Comme vous êtes particulièrement éveillés, vous vous doutez bien que si ma douce enfant me parle de ce petit désagrément passager, à moi, son père, c’est parce qu’elle n’a pas réussi à joindre sa mère pour la bonne et simple raison qu’elle n’est jamais là quand on a besoin d’elle, celle là.
Bien sûr, je sais de quoi il s’agit. Je sais précisément que c’est un truc tout rouge qui arrive grosso-modo tous les mois et que c’est le moment où il faut que le garçon fasse vachement gaffe aux questions qui paraissent anodines.
En l’occurrence, cette connaissance approfondie des secrets du beau sexe semble peu adaptée au problème. D’ailleurs, quel est le problème ? D’après les bribes de conversations saisies entre sa mère et elle, ce n’est pas la première fois que ça lui arrive.

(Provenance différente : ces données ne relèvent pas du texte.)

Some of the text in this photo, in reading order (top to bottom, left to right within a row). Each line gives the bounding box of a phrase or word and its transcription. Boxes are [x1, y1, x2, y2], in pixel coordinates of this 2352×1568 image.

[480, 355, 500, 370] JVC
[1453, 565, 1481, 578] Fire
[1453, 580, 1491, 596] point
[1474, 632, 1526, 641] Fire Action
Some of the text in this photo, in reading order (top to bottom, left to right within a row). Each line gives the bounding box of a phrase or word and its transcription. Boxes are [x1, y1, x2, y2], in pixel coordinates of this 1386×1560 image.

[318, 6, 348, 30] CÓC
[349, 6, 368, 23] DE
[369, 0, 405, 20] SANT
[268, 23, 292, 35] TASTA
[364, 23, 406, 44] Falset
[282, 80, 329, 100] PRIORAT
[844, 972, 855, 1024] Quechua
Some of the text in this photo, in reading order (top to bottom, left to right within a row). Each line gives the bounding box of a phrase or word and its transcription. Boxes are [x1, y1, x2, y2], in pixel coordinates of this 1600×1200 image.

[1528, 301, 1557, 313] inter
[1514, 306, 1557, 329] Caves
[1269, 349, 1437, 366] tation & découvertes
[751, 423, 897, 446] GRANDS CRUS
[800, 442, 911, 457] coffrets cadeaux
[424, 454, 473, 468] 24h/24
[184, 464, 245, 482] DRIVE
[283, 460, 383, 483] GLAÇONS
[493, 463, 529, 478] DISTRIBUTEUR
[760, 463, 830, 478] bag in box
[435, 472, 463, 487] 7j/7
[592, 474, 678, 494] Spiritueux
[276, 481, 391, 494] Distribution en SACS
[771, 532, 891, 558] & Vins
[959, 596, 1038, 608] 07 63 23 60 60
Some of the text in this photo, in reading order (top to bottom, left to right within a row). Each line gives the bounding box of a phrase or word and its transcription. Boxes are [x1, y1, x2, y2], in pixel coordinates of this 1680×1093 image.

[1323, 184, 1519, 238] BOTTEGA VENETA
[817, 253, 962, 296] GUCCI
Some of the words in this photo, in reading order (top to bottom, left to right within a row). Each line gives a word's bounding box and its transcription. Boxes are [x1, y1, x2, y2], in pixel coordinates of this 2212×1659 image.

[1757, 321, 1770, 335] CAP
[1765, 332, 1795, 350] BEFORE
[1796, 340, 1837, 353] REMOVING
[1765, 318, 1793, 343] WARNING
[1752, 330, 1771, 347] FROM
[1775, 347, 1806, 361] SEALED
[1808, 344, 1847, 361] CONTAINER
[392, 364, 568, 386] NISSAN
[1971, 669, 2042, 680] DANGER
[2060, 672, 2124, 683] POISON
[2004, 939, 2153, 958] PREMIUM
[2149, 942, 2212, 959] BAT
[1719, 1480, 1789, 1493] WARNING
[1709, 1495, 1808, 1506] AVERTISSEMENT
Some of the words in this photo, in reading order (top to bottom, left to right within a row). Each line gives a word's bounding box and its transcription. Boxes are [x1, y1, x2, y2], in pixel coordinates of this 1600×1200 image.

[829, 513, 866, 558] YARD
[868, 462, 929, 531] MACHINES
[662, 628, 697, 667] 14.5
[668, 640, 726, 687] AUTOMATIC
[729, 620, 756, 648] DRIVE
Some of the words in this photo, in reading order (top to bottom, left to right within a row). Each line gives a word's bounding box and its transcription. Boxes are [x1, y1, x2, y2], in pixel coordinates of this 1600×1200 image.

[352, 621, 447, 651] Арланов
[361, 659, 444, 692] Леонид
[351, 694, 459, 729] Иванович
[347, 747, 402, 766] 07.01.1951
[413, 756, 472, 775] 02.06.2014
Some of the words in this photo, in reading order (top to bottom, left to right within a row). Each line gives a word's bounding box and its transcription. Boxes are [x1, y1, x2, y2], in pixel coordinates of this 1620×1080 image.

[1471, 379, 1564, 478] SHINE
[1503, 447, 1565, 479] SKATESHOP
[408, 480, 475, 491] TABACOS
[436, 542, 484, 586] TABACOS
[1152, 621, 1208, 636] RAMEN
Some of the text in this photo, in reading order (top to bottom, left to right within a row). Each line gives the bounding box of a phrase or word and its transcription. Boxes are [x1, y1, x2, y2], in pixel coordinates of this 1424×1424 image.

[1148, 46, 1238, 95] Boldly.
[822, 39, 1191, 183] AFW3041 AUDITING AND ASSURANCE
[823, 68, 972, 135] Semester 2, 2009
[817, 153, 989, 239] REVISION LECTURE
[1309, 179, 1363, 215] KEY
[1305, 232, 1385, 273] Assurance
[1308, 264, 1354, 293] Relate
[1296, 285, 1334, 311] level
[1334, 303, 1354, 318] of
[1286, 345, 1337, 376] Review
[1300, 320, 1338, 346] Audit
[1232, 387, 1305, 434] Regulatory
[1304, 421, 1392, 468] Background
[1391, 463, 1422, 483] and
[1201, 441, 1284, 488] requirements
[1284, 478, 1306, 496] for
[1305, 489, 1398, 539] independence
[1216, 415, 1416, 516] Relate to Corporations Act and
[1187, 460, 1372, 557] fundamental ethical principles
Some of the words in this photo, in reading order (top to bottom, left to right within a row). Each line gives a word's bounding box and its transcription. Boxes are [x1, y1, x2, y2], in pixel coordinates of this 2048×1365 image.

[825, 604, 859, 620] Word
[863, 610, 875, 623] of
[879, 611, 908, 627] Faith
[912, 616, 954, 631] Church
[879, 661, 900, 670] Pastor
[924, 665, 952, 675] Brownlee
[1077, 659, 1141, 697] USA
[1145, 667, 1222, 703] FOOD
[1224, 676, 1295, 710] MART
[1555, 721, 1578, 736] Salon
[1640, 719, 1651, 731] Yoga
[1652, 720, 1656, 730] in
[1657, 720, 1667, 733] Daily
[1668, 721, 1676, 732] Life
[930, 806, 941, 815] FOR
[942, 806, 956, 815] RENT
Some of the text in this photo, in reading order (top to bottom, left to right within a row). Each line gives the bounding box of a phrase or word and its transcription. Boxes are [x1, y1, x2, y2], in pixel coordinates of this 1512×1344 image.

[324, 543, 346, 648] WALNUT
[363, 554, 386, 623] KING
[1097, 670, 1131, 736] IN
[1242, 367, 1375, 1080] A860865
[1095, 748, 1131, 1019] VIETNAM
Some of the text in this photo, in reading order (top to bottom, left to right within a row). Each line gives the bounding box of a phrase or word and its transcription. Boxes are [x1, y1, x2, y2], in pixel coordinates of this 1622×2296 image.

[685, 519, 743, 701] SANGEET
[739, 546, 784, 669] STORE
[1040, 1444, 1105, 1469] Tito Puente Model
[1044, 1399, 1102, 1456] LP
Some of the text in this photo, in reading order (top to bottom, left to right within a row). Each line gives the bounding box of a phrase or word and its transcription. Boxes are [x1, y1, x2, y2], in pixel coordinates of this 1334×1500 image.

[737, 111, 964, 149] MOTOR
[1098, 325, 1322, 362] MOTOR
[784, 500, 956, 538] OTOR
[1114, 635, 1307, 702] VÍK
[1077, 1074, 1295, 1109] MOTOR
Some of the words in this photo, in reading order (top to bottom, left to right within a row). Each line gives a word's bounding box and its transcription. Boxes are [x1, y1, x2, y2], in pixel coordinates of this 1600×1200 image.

Loin de là. Je n’en ai pas été informé directement mais je le sais. Elles ont sans doute calculé que l’accomplissement de mon rôle de père ne nécessitait pas que j’accède à ce niveau de détail. A dire vrai, j’ai aussi laissé s’installer un voile pudique m’économisant un nouvel élément attestant que mon bébé avait désormais plus de points communs avec une femme qu’avec une chère tête blonde.
Ma fille attend quelque chose, mais quoi ?
Cependant, je constate bien qu’aujourd’hui ma fille attend quelque chose de moi à ce moment précis, mais quoi ?
Il ne faut pas que je paraisse choqué, gêné ou désappointé. Elle pourrait croire que mon attitude signifie que c’est mal d’avoir ses règles.
Après c’est des années de psychanalyse qu’il va falloir financer.
Il ne faut pas non plus que j’ai l’air de m’en foutre. J’imagine qu’à son âge, c’est quand même impressionnant, ce genre de rendez-vous. Elle veut qu’on invite les copines pour fêter ça ? Faut-il manifester ma joie ? « Bravo mon cœur, Papa est fier de toi » ?
Peut-être a-t-elle besoin d’un complément d’information sur le sujet ? Il faut sans doute que je la rassure, que je lui rappelle qu’elle sera toujours mon petit bébé, quoi qu’il arrive.
Pourquoi n’y a-t-il pas une ligne sur le sujet dans les piles de bouquins que j’ai lu avant sa naissance ?!
Charité ou impatience, elle décide toute seule de m’extraire de ces interrogations.
Me regardant avec cette pointe de mépris rageur qu’affichent si bien les femmes quand elles trouvent que les garçons sont nuls, elle assène :
– Faut que t’aille m’acheter des serviettes, y’en a plus. Et râle pas. Tu devrais être content que je ne sois pas enceinte.
La hyène, ce coup-ci, elle ne m’a pas laissé inspirer avant.